Relationship with Reed

Reed is a difficult person. He is also, hands down, the best partner I could think of for myself. He is extremely predictable, self aware, and invests heavily in a few choice things. Our lives together are one of those choice things, which means I can offload a lot of cognitive overhead about home, bicycle, self, etc care to him and it gets done better than I’d bother doing it myself. Reed can also be incredibly selfish (again, in a self-aware way). He has the most attuned sense of what “enough” is of anyone I’ve met. He sets goals for what he would like his life to look like, and when those goals are met, he enjoys the fruits of his labor.

Being around this as the main touchpoint of human interaction in my life (we are romantic partners, co-parents, and dear friends) means some of this has rubbed off on me. I have always had high standards, but now I am more comfortable doing something myself or with others than dragging along someone who is struggling in a non-self-aware way. For most of my youth, I had a strong savior complex, which I have worked on overcoming for years. Both my work with GWOB and my relationship with Reed have helped me truly wrap that up. Perhaps too far in the other direction, but all things are oscillations.

Working at Apple

While most of the individuals I worked with at Apple were truly lovely, the company itself has a culture of extreme arrogance. Success has gone to the proverbial head, and it seeps into everything. Even the hiring process is terrible because the recruiters know having Apple on your resúmé is life changing (or was, before this market, phew), and that people want to work there regardless of other factors. Every chance I had to be more collaborative, I tried to take, and I was (mostly politely) redirected to try to find other paths.

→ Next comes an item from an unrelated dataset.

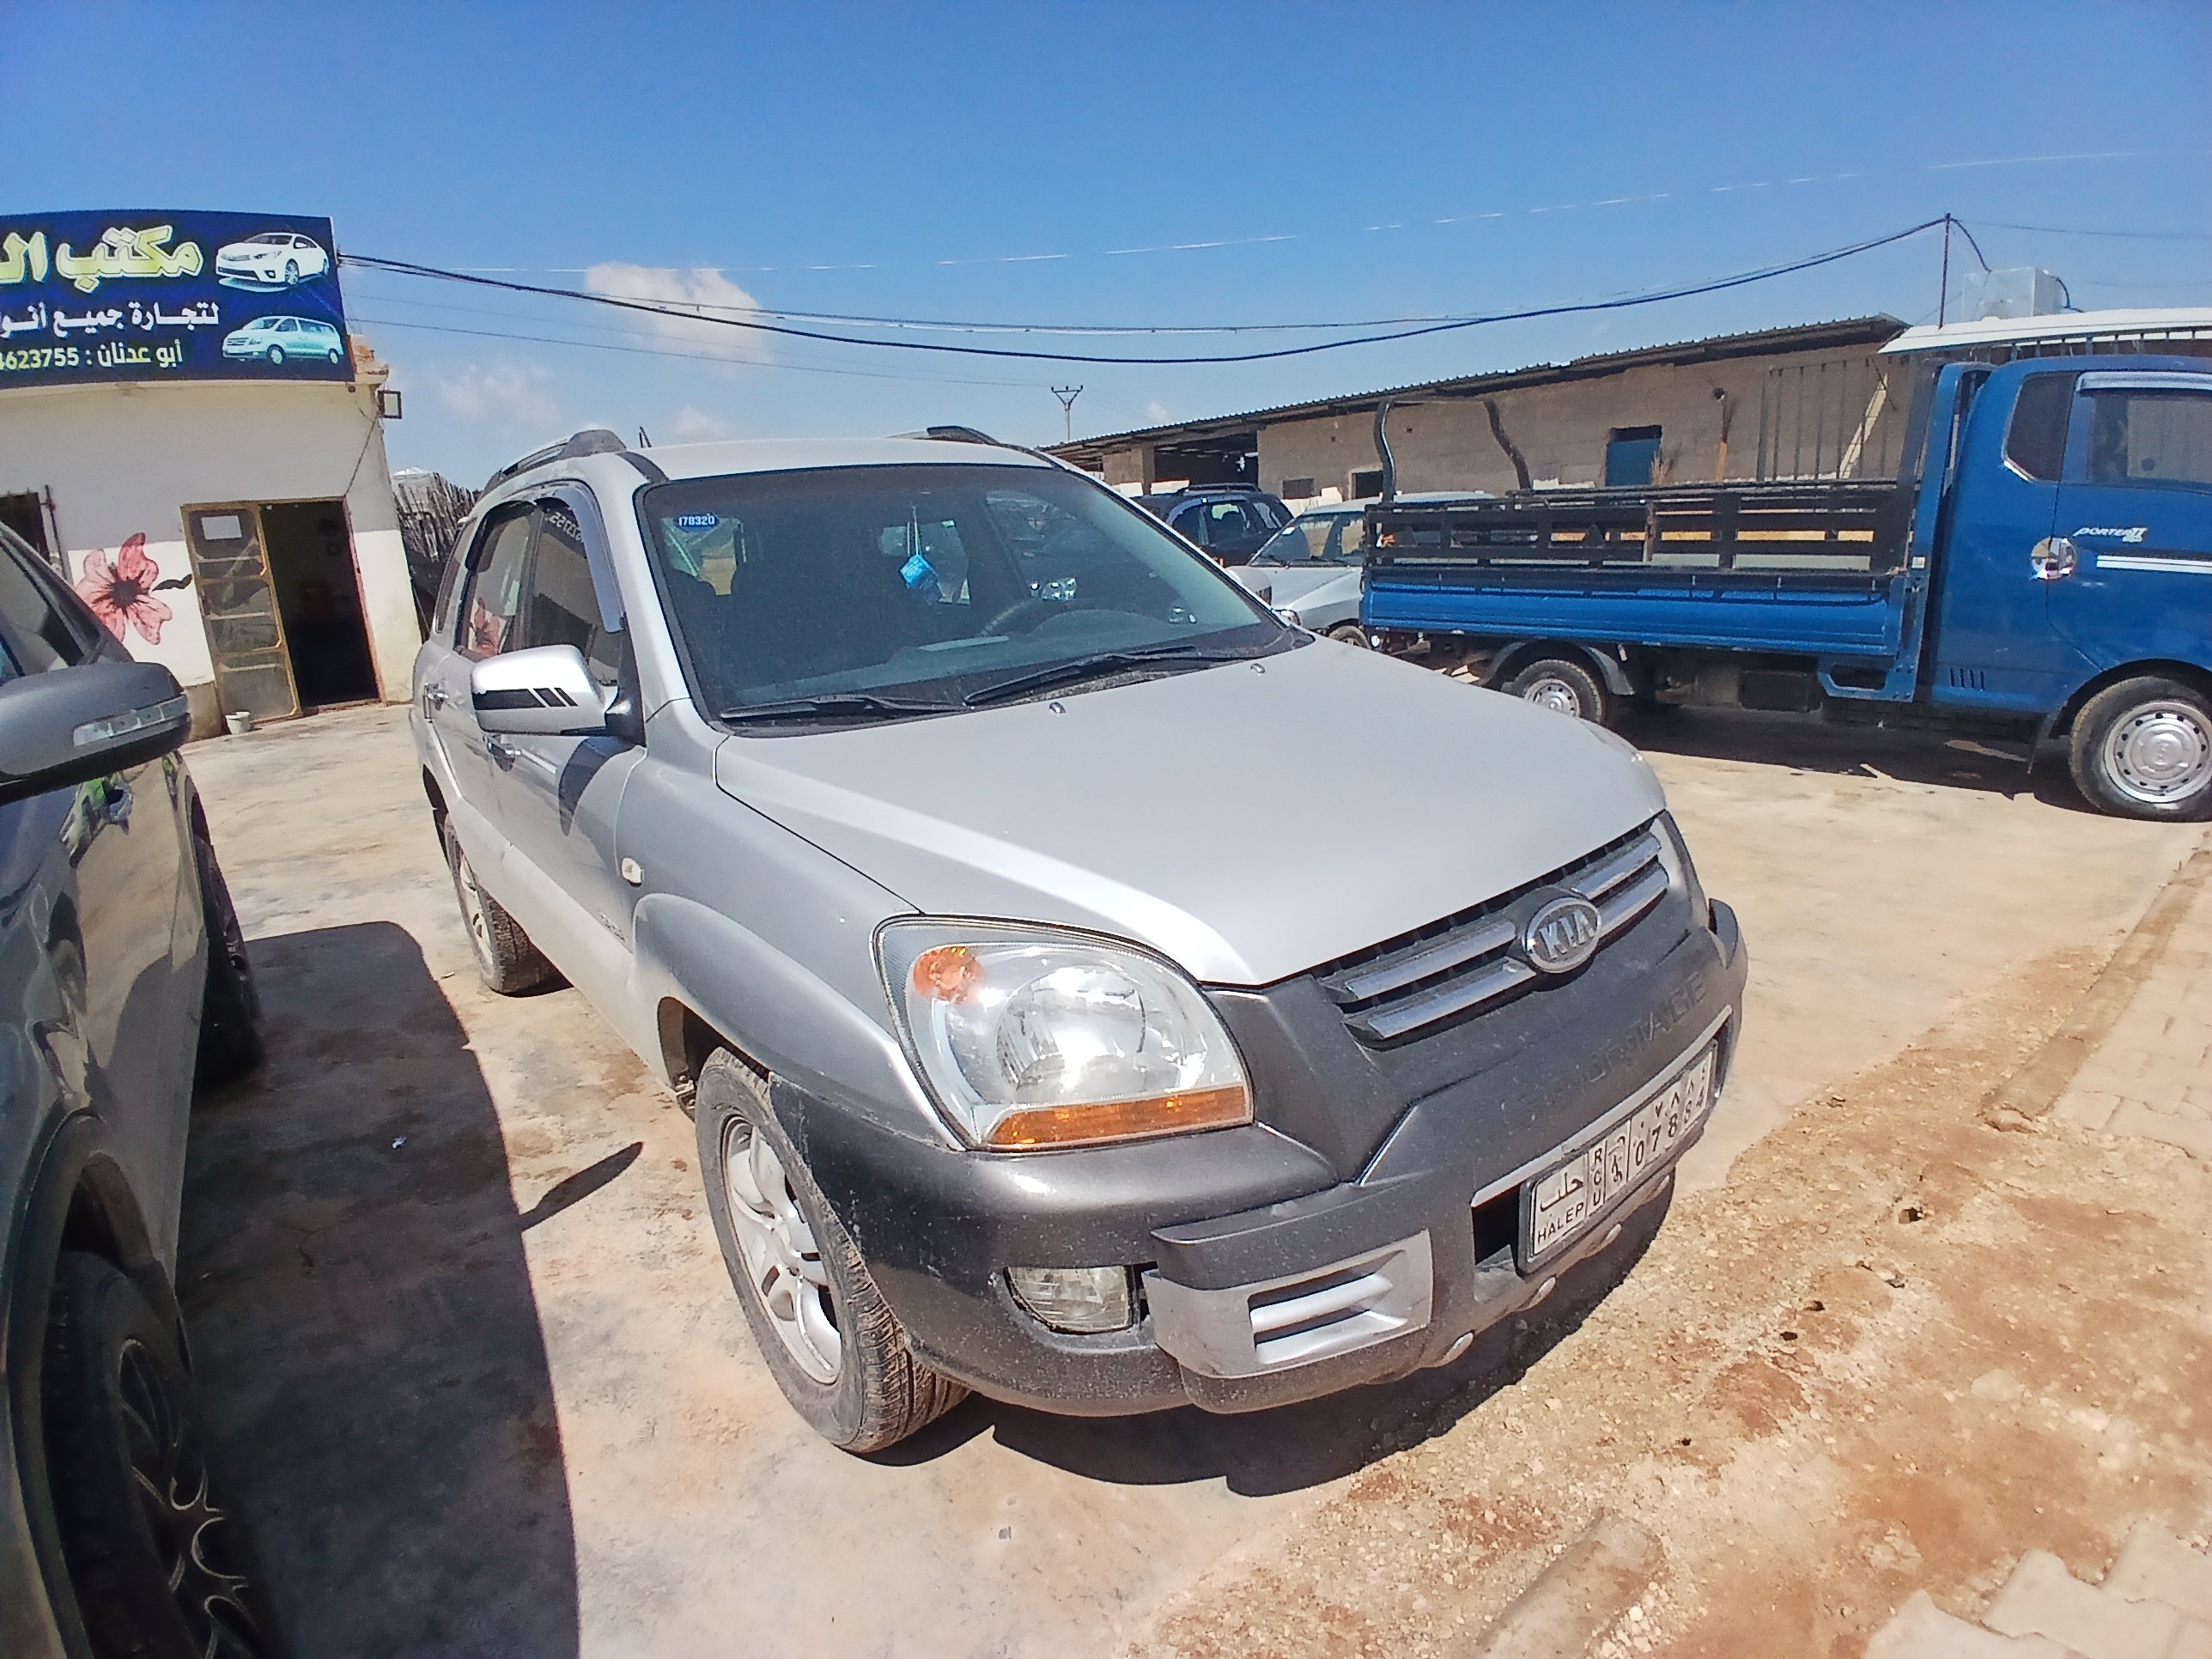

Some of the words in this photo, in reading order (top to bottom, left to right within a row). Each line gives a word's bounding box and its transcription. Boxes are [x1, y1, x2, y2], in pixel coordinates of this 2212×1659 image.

I remember trying to explain that an executive coming up with a problem statement that then a bunch of brilliant people came up with in-depth responses to individually, which then the exec picked “the best of”, and then program managers dolled out the work was not actually “collaborative” but a process diagram instead, and it fell on deaf ears. 5 years of that, and not being able to talk to other people about it, sure did a number on me.

Becoming a Parent

I gave birth alone via emergency c-section after a very scary night. Covid meant no guests unless you were in labor, and because I was two months early, they were trying to stop the labor and so wouldn’t admit me as such. After a month in the NICU, we brought Locke home only to discover that Reed had severe misophonia related to infant screaming, and so then I was on the hook for taking care of two creatures who couldn’t fend for themselves and were actually often at odds with each other’s needs. Our agreement that Reed was going to be the stay-at-home parent exacerbated this because it made asking for outside help at odds with our goals and plans. It was the worst 18 months of my life. And in part because Reed is already a difficult person, my care network saw this as a personal failing on his part rather than a disability, which led to even more long-term issues.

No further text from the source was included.